Before repeating the entries below, strip out every picture and keep all else as it is.

───── INPUT RECORDS

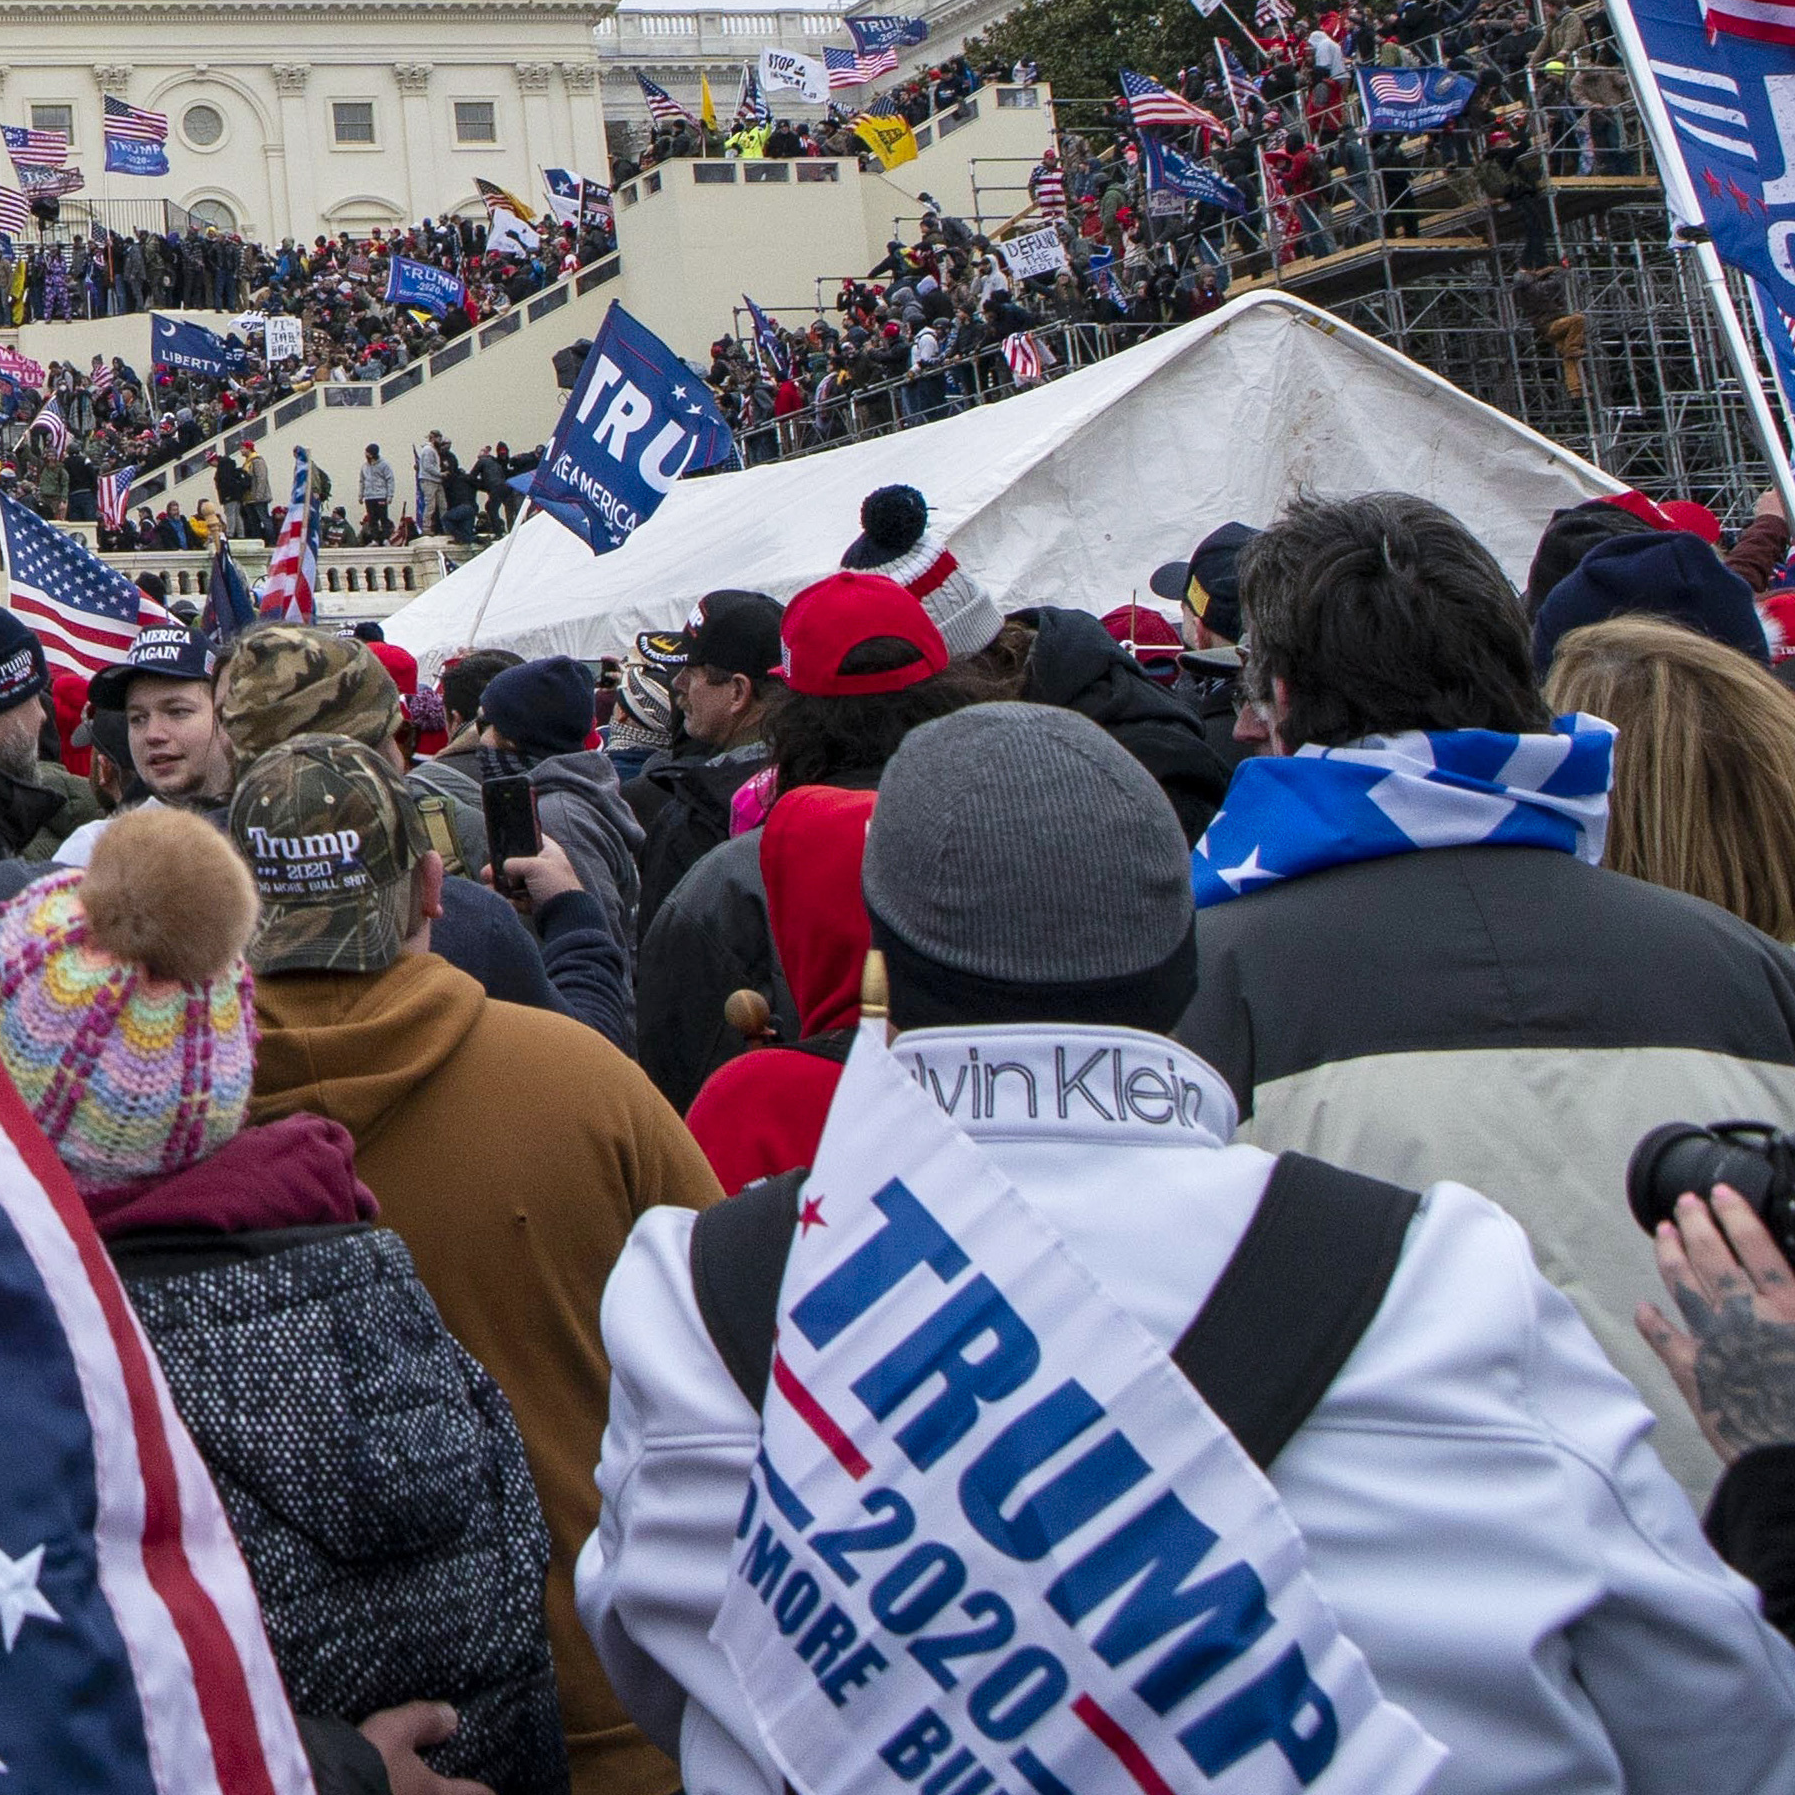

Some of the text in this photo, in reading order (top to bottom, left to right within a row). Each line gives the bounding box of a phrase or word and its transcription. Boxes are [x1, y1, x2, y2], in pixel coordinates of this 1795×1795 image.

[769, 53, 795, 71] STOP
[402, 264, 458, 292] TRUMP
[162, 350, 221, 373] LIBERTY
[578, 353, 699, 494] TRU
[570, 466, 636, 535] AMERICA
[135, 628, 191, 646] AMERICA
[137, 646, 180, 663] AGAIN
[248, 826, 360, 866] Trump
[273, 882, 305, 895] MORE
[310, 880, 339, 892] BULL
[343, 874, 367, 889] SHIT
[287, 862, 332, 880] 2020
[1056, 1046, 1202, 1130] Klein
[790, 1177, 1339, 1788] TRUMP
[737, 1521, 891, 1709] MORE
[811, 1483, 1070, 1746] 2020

──────────

● **RESPONSE**
Some of the text in this photo, in reading order (top to bottom, left to right within a row). Each line gives the bounding box of a phrase or word and its transcription. Boxes are [x1, y1, x2, y2], in pixel coordinates of this 1795×1795 image.

[769, 53, 795, 71] STOP
[402, 264, 458, 292] TRUMP
[162, 350, 221, 373] LIBERTY
[578, 353, 699, 494] TRU
[570, 466, 636, 535] AMERICA
[135, 628, 191, 646] AMERICA
[137, 646, 180, 663] AGAIN
[248, 826, 360, 866] Trump
[273, 882, 305, 895] MORE
[310, 880, 339, 892] BULL
[343, 874, 367, 889] SHIT
[287, 862, 332, 880] 2020
[1056, 1046, 1202, 1130] Klein
[790, 1177, 1339, 1788] TRUMP
[737, 1521, 891, 1709] MORE
[811, 1483, 1070, 1746] 2020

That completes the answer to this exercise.